*** Begin section ***
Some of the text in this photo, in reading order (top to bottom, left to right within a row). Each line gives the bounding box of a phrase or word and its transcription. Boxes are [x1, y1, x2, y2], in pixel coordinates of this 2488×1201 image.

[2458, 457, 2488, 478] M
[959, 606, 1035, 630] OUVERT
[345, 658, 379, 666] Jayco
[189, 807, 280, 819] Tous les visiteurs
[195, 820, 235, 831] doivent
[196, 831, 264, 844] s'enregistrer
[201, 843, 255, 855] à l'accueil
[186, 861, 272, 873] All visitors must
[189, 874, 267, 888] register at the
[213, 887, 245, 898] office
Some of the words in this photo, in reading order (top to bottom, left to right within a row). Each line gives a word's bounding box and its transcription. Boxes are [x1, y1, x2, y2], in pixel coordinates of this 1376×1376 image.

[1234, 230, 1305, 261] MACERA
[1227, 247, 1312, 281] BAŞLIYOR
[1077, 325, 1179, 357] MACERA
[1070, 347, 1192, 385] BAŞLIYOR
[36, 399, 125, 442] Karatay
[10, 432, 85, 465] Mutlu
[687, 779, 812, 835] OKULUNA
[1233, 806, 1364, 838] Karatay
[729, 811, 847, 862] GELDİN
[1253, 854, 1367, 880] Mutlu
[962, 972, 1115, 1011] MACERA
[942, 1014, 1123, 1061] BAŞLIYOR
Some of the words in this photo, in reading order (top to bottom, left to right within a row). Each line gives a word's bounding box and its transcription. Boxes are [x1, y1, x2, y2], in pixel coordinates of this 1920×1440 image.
*** End section ***
■ **Problem to solve**:
From the first line to the last, write out the data exactly.

■ **Written answer**:
Some of the text in this photo, in reading order (top to bottom, left to right within a row). Each line gives the bounding box of a phrase or word and its transcription. Boxes are [x1, y1, x2, y2], in pixel coordinates of this 2488×1201 image.

[2458, 457, 2488, 478] M
[959, 606, 1035, 630] OUVERT
[345, 658, 379, 666] Jayco
[189, 807, 280, 819] Tous les visiteurs
[195, 820, 235, 831] doivent
[196, 831, 264, 844] s'enregistrer
[201, 843, 255, 855] à l'accueil
[186, 861, 272, 873] All visitors must
[189, 874, 267, 888] register at the
[213, 887, 245, 898] office
Some of the words in this photo, in reading order (top to bottom, left to right within a row). Each line gives a word's bounding box and its transcription. Boxes are [x1, y1, x2, y2], in pixel coordinates of this 1376×1376 image.

[1234, 230, 1305, 261] MACERA
[1227, 247, 1312, 281] BAŞLIYOR
[1077, 325, 1179, 357] MACERA
[1070, 347, 1192, 385] BAŞLIYOR
[36, 399, 125, 442] Karatay
[10, 432, 85, 465] Mutlu
[687, 779, 812, 835] OKULUNA
[1233, 806, 1364, 838] Karatay
[729, 811, 847, 862] GELDİN
[1253, 854, 1367, 880] Mutlu
[962, 972, 1115, 1011] MACERA
[942, 1014, 1123, 1061] BAŞLIYOR
Some of the words in this photo, in reading order (top to bottom, left to right within a row). Each line gives a word's bounding box and its transcription. Boxes are [x1, y1, x2, y2], in pixel coordinates of this 1920×1440 image.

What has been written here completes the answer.